Standalone computing devices (sometimes referred to as untethered devices) have limited compute processing power, which can affect your ability to render complex visual models. To overcome this limitation, you could reduce the complexity through a process called decimation. However, decimation can be time-consuming, and it removes detail from the model. For many applications, reducing the visual fidelity isn't acceptable.

Remote Rendering addresses this dilemma. You can use cloud-based processing to render complex models to the desired visual fidelity without compromising their quality. Azure Remote Rendering is a mixed-reality service that lets you render high-quality, interactive 3D content. You can then stream this rendered content in real time to devices such as HoloLens 2.

Example scenario

Suppose you work for an automotive manufacturer. You have a complex 3D model that you want to view in 3D using HoloLens 2. Viewing the car engine in its full detail will allow you to ensure all the parts of the engine come together. Unfortunately, the computing resource available on your device is insufficient to render the model to the desired detail. You have two choices: scale down the complexity of the 3D model through decimation, or increase the available compute resources. By using Azure Remote Rendering, you can use cloud resources to render the model without losing valuable detail.

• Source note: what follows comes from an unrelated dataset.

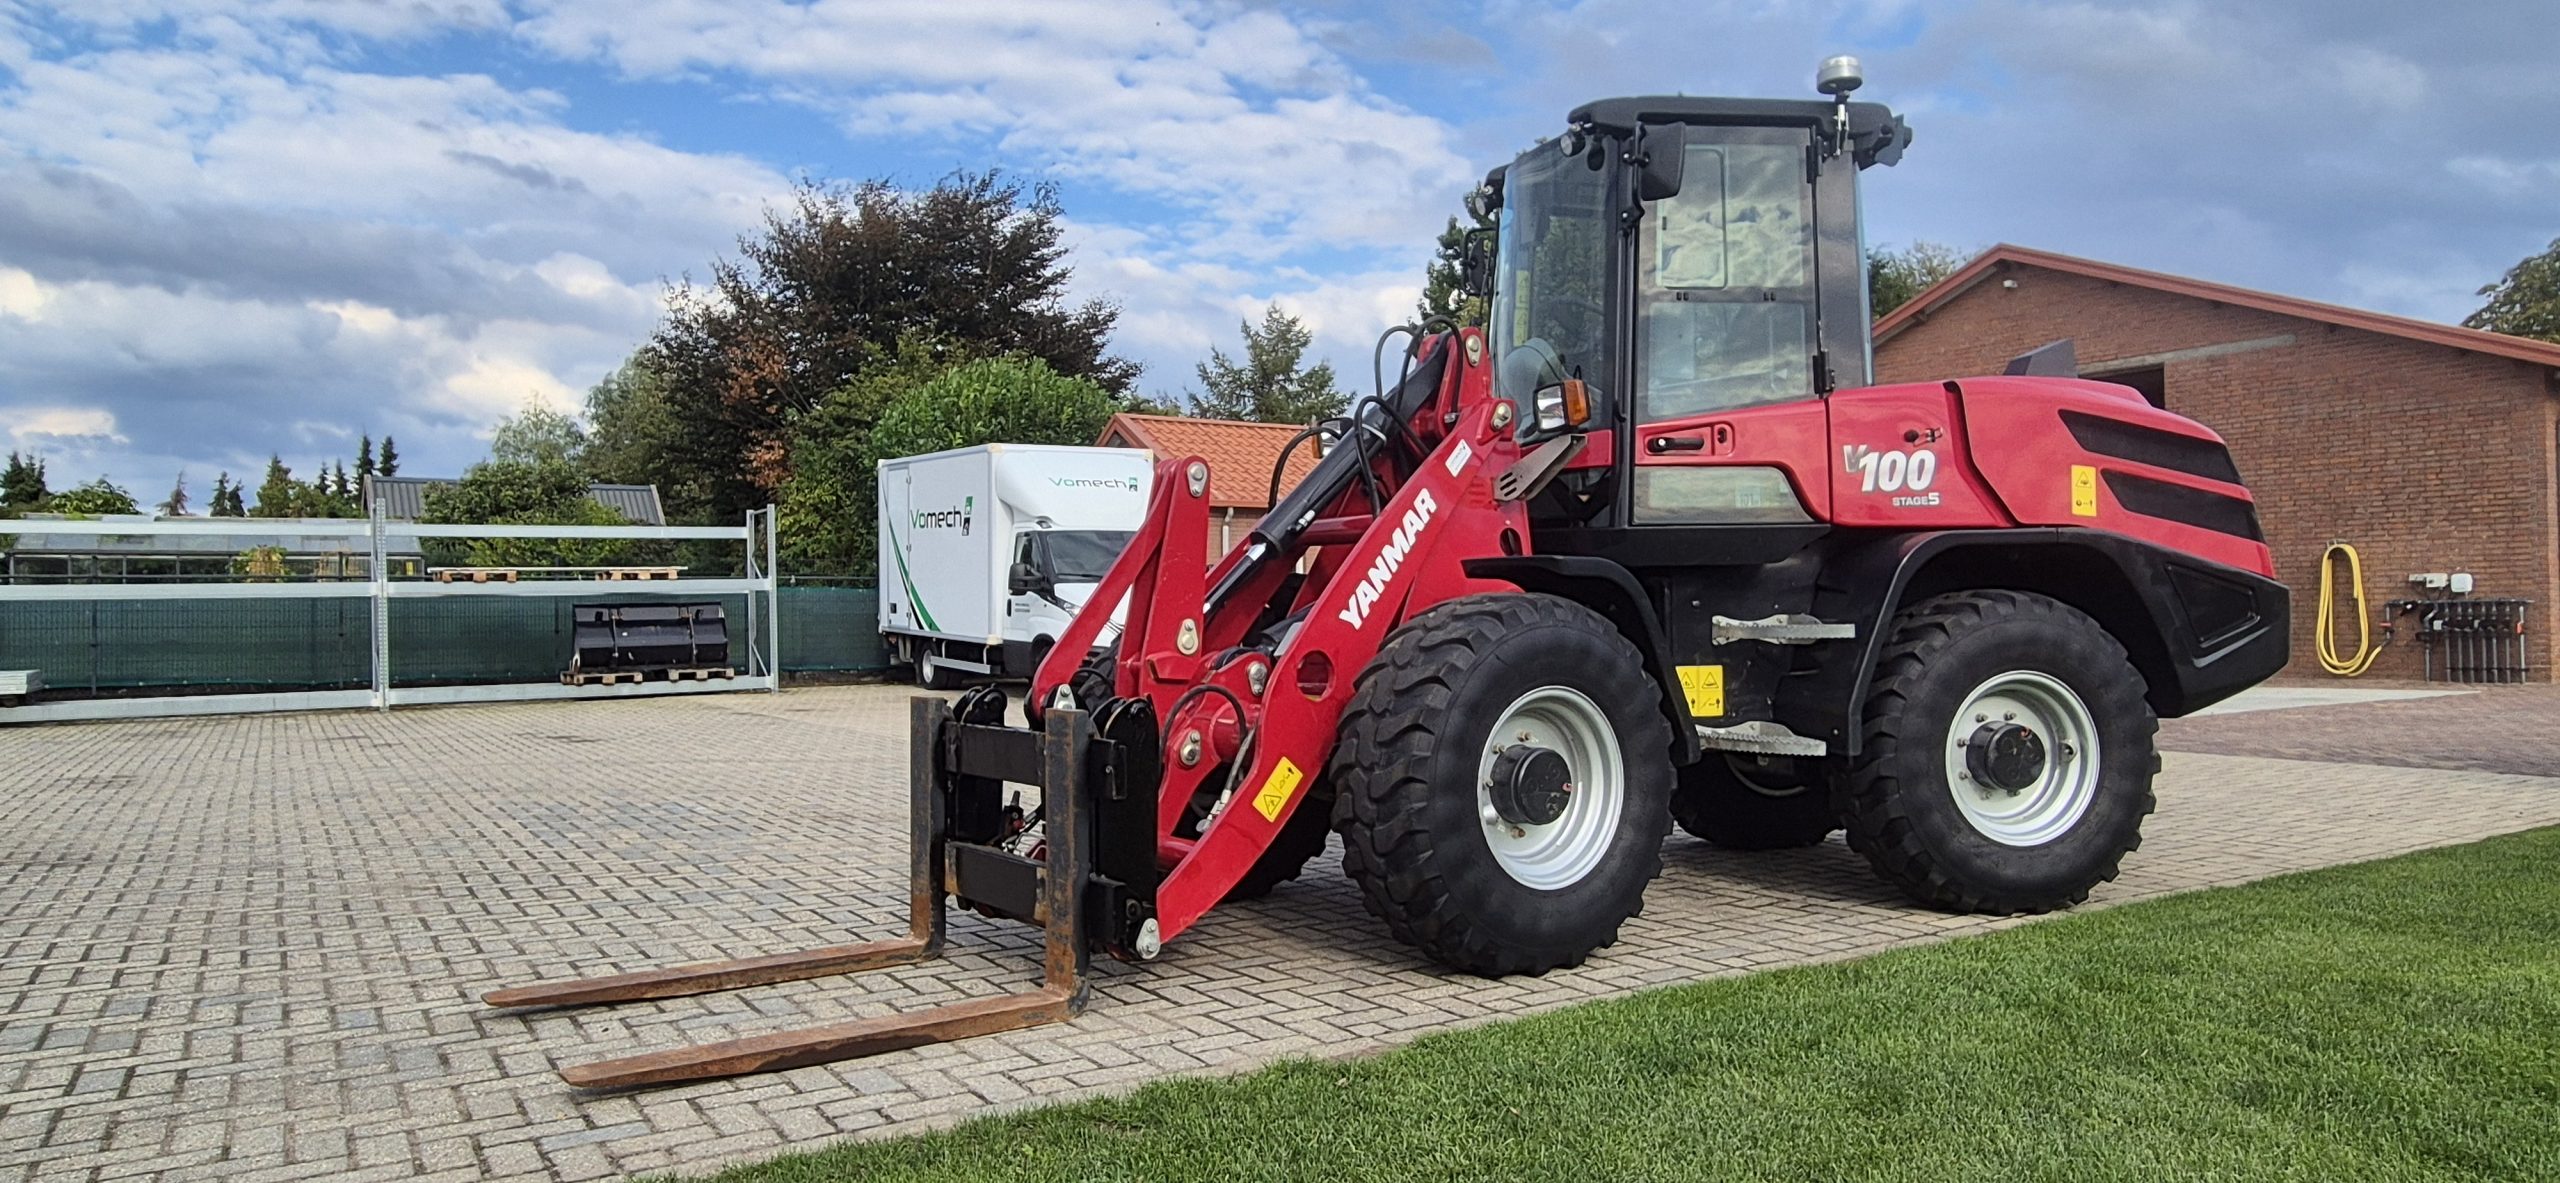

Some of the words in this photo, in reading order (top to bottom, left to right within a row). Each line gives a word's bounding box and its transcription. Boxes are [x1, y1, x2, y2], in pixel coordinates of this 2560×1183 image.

[1048, 476, 1127, 488] Vomech
[910, 505, 962, 529] Vomech
[1339, 488, 1437, 630] YANMAR

Rendering of an internal combustion engine with its internal detail exposed.

What will we be doing?

By the end of this module, you'll be able to explain how Azure Remote Rendering can render and encode images, and stream them to target devices. You'll evaluate whether Azure Remote Rendering, a cloud-hosted service, can help you complete complex rendering workloads.

What is the main goal?

The main goal is to determine how Azure Remote Rendering can help you render and stream complex models to the desired visual fidelity without compromise.